Photo of mudbrick and stone castle-like structure. (Toby Savage)

A pre-Islamic civilization has been unearthed in the Sahara Desert in south-west Libya using satellite imagery and aerial photography.

Led by David Mattingly at the UK’s University of Leicester, a team of archeologists found over 100 fortified farms, several towns, and villages with mud brick and stone structures like castles that have walls up to 4 meters tall. Other features include cairn cemeteries, wells, fields, and irrigation systems.

They mostly date back to between 1 and 500 A.D. when a relatively advanced tribe, known as the Garamantes to the Romans, inhabited the area.

“It is like someone coming to England and suddenly discovering all the medieval castles,” said Mattingly in a press release. “These settlements had been unremarked and unrecorded under the Gaddafi regime.

The archeologists were able to investigate a large region with the aid of satellite imagery, and uncovered the ruins in one of the most inhospitable areas of the desert.

“The evidence suggests that the climate has not changed over the years and we can see that this inhospitable landscape with zero rainfall was once very densely built up and cultivated,” said Martin Sterry of the University of Leicester in the release.

“These are quite exceptional ancient landscapes, both in terms of the range of features and the quality of preservation.”

The Garamantes probably colonized the region by at least 1,000 B.C. They first appeared in the historical record in the fifth century B.C., when the Greek historian Herodotus mentioned them as exceedingly numerous people who herded cattle, and hunted Ethiopians from four-horse chariots.

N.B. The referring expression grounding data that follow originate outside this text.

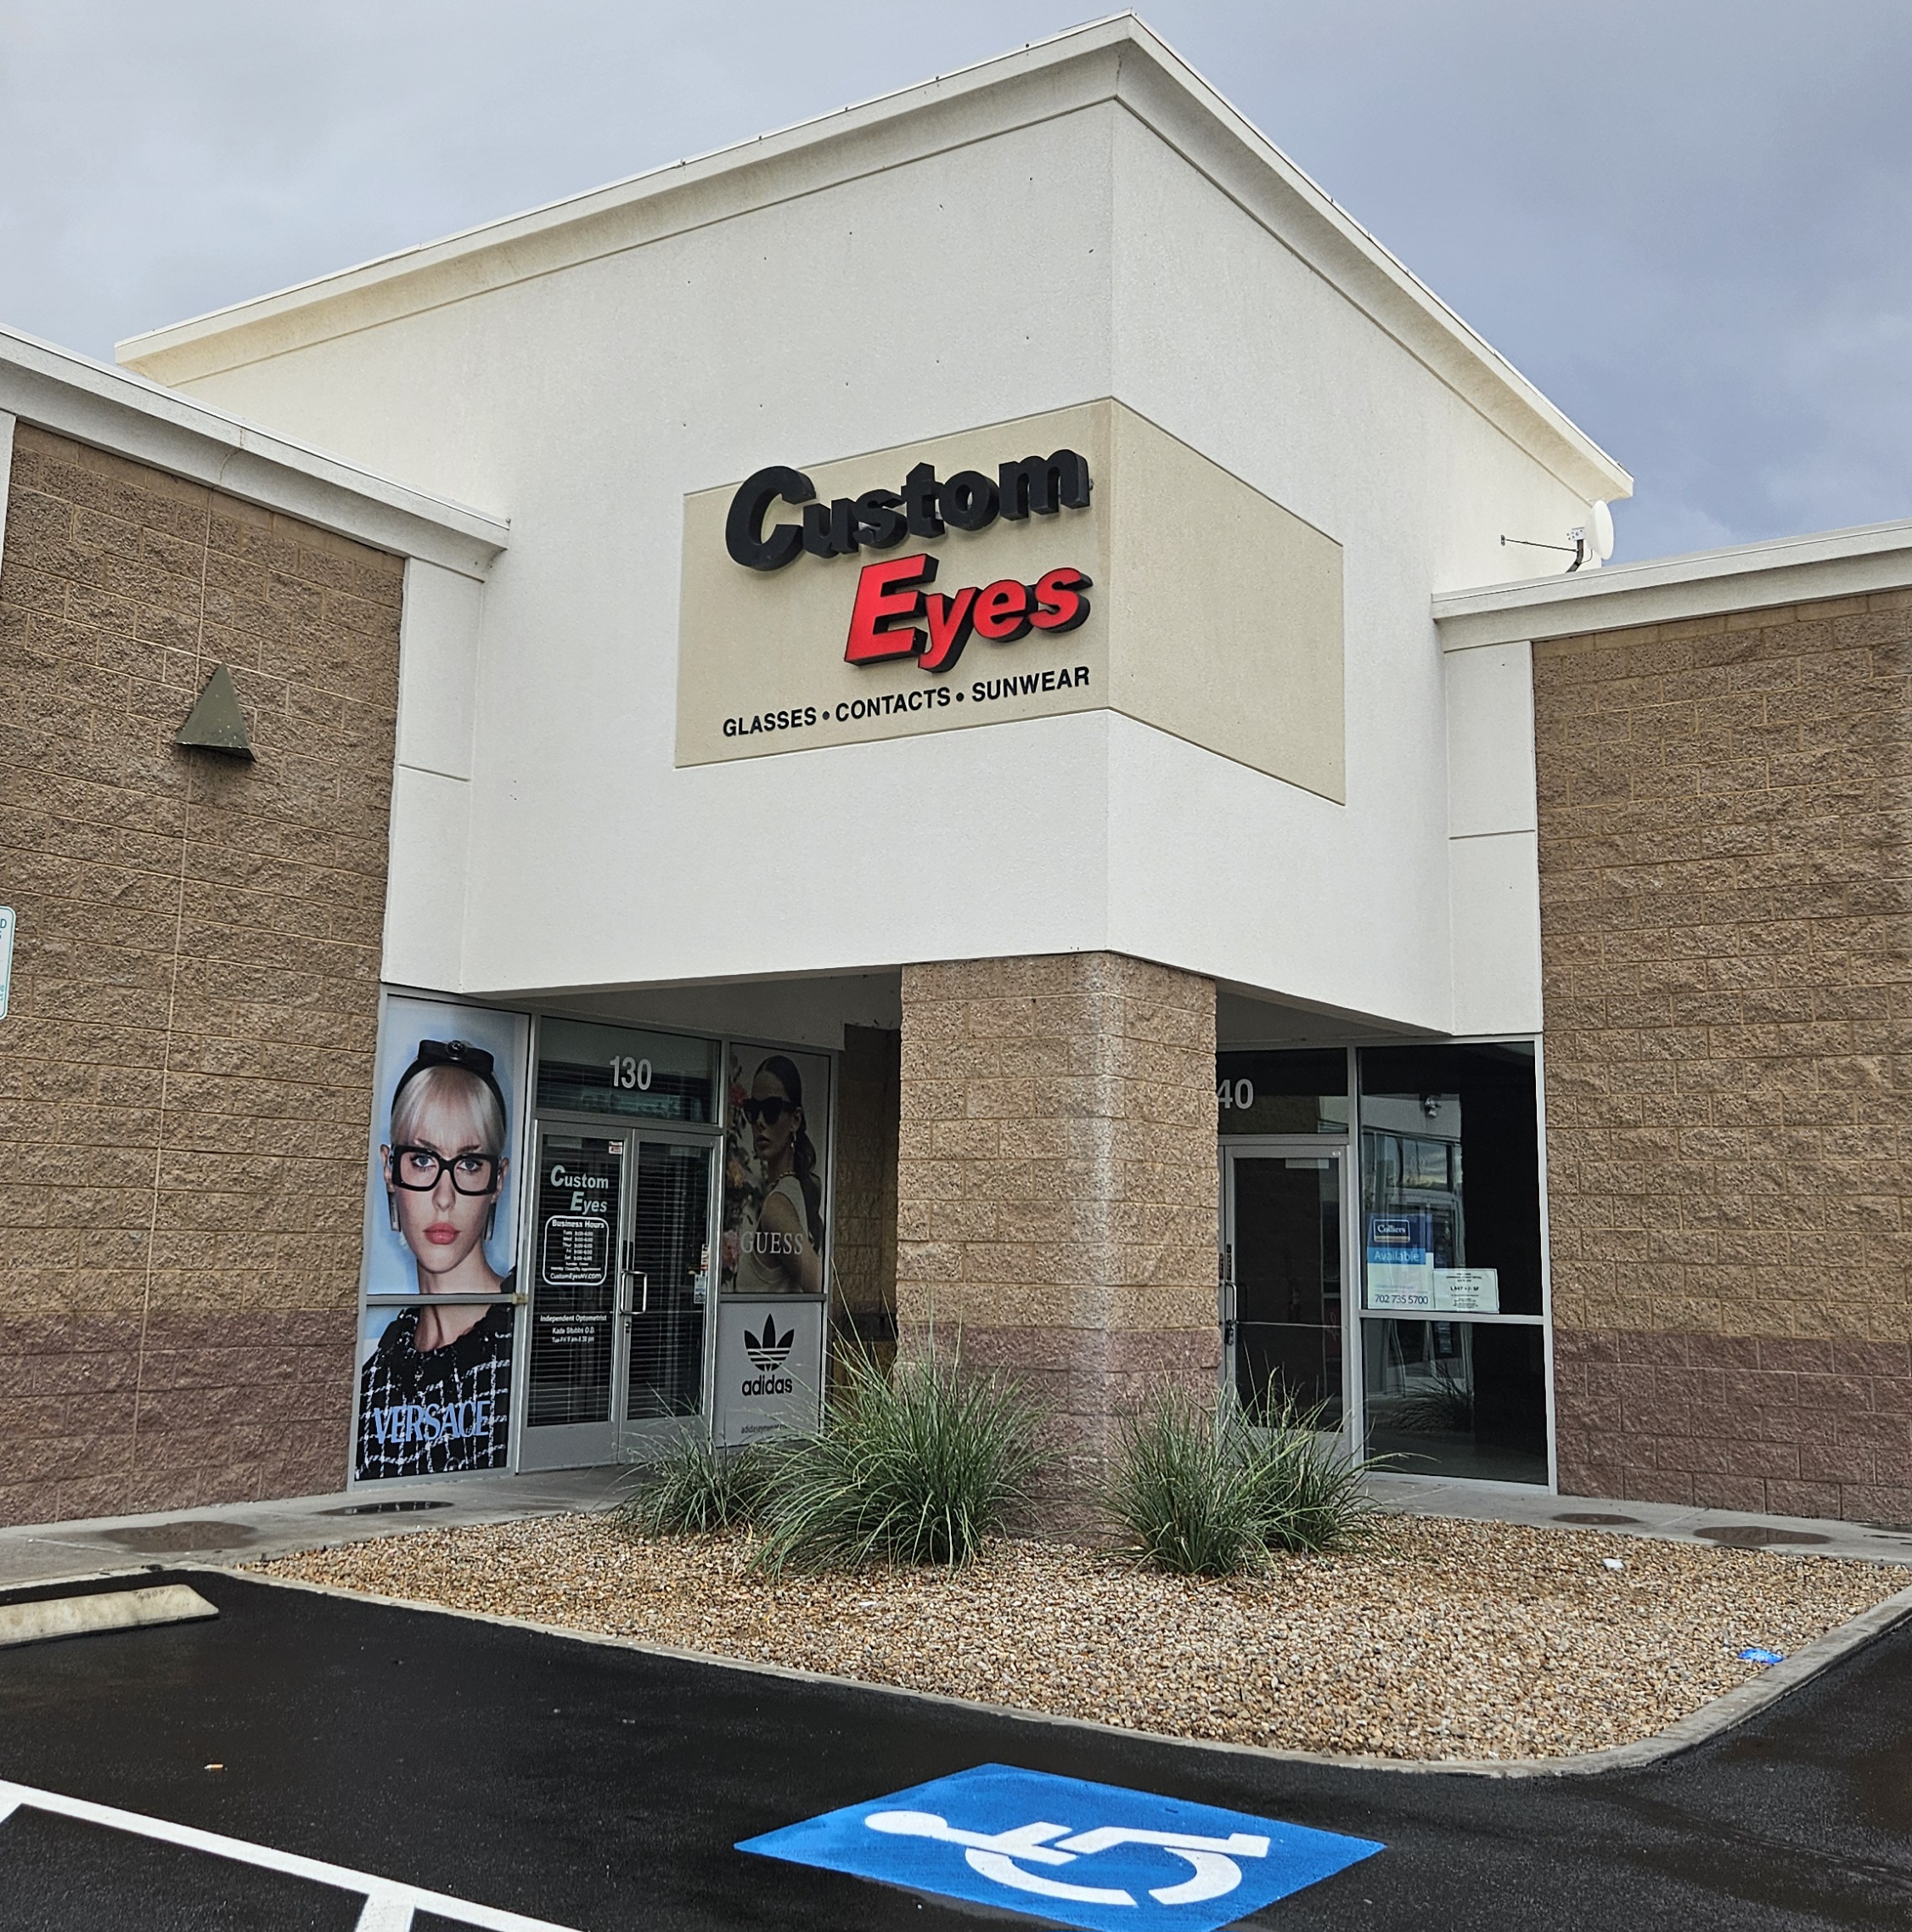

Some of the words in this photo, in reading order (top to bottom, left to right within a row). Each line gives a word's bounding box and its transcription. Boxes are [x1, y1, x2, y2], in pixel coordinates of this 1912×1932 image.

[725, 449, 1091, 571] Custom
[844, 554, 1093, 673] Eyes
[723, 707, 817, 737] GLASSES
[835, 686, 950, 722] CONTACTS
[971, 666, 1090, 702] SUNWEAR
[610, 1056, 652, 1090] 130
[1217, 1079, 1253, 1109] 40
[550, 1164, 609, 1189] Custom
[570, 1191, 608, 1215] Eyes
[552, 1219, 583, 1228] Business
[584, 1220, 605, 1229] Hours
[1377, 1225, 1406, 1233] Colliers
[740, 1231, 803, 1255] GUESS
[1375, 1251, 1419, 1261] Available
[1375, 1294, 1390, 1303] 702
[1392, 1295, 1407, 1304] 735
[1409, 1295, 1428, 1304] 5700
[540, 1315, 575, 1323] Independent
[741, 1374, 793, 1396] adidas
[374, 1400, 491, 1444] VERSACE
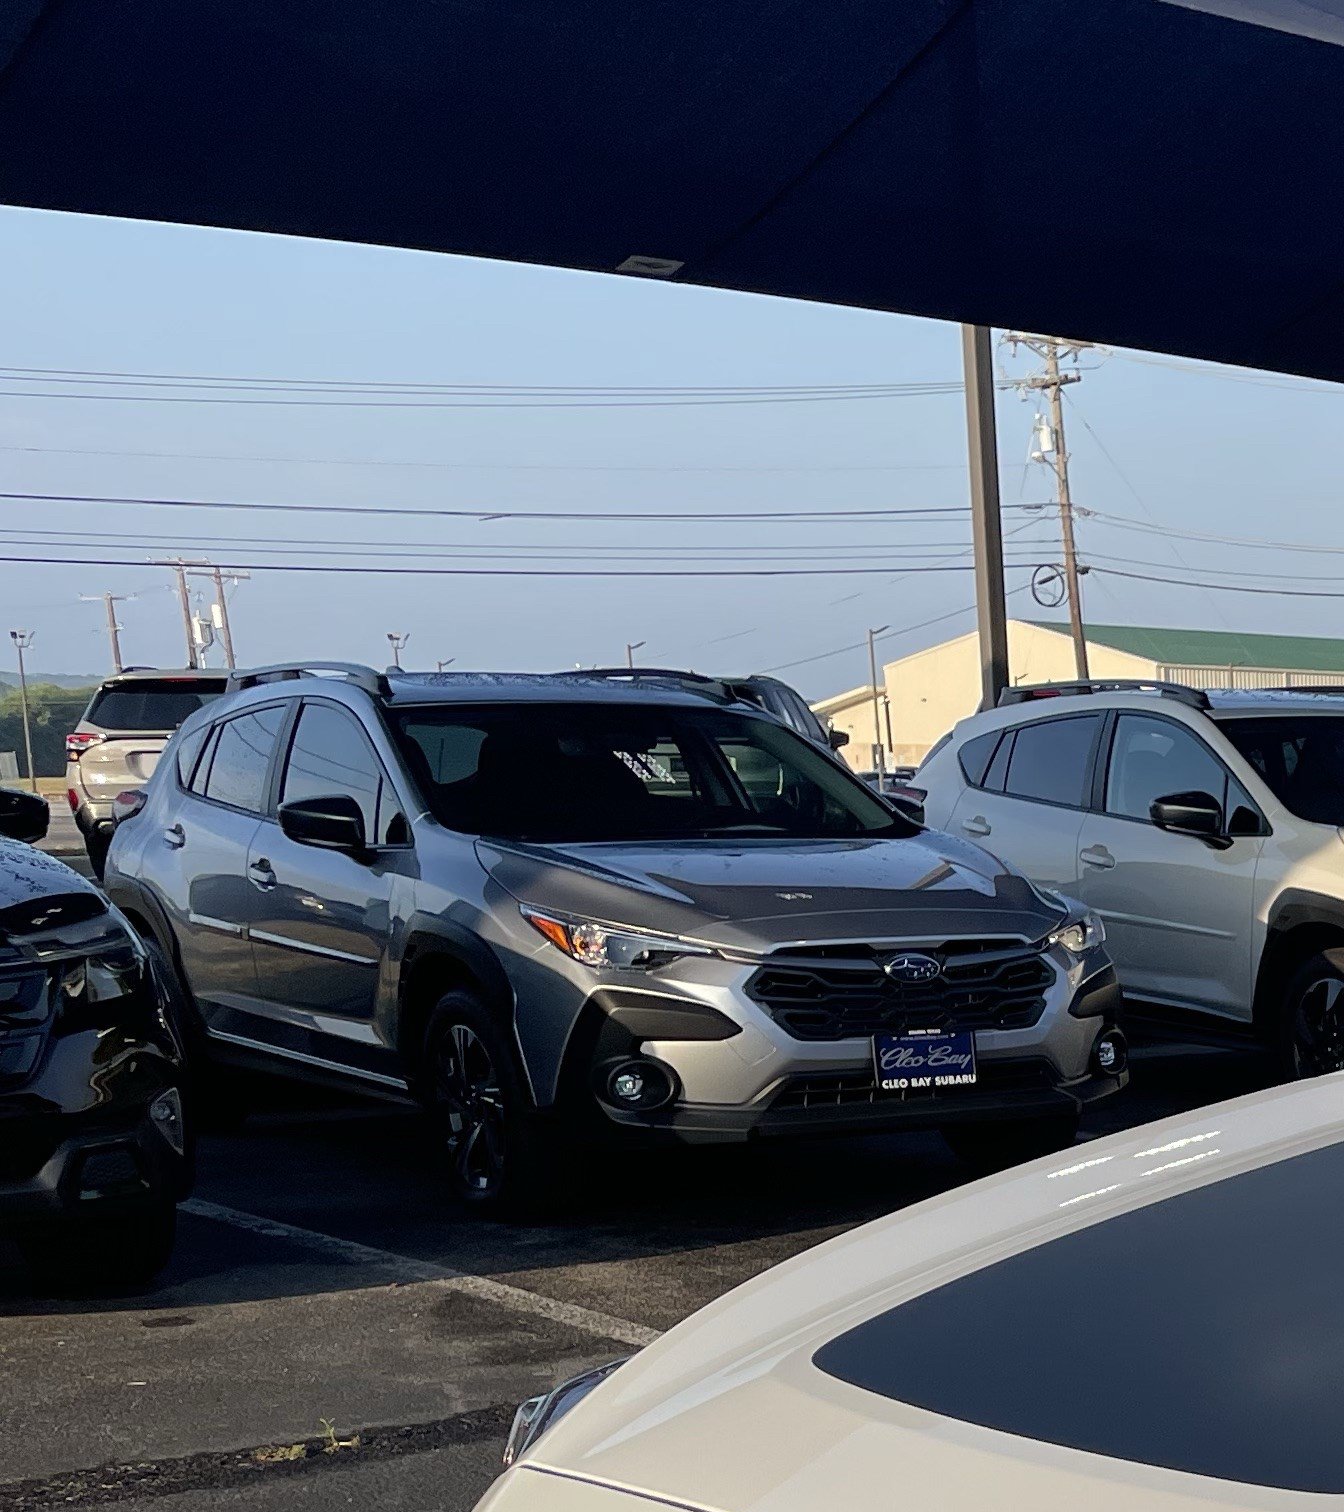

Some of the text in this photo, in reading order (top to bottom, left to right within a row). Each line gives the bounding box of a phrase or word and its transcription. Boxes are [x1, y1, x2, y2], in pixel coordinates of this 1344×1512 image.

[880, 1045, 972, 1070] Cleo Bay
[882, 1073, 977, 1090] CLEO BAY SUBARU

“In fact, they were highly civilized, living in large-scale fortified settlements, predominantly as oasis farmers,” Mattingly said. “It was an organized state with towns and villages, a written language and state of the art technologies. The Garamantes were pioneers in establishing oases and opening up Trans-Saharan trade.”

The team had to leave Libya in February when the anti-Gadhafi revolt began, but intend to return once the country’s security is completely restored. The Libyan antiquities department is closely involved in the project.

“It is a new start for Libya’s antiquities service and a chance for the Libyan people to engage with their own long-suppressed history,” Mattingly said.

“These represent the first towns in Libya that weren’t the colonial imposition of Mediterranean people such as the Greeks and Romans,” he concluded. “The Garamantes should be central to what Libyan school children learn about their history and heritage.”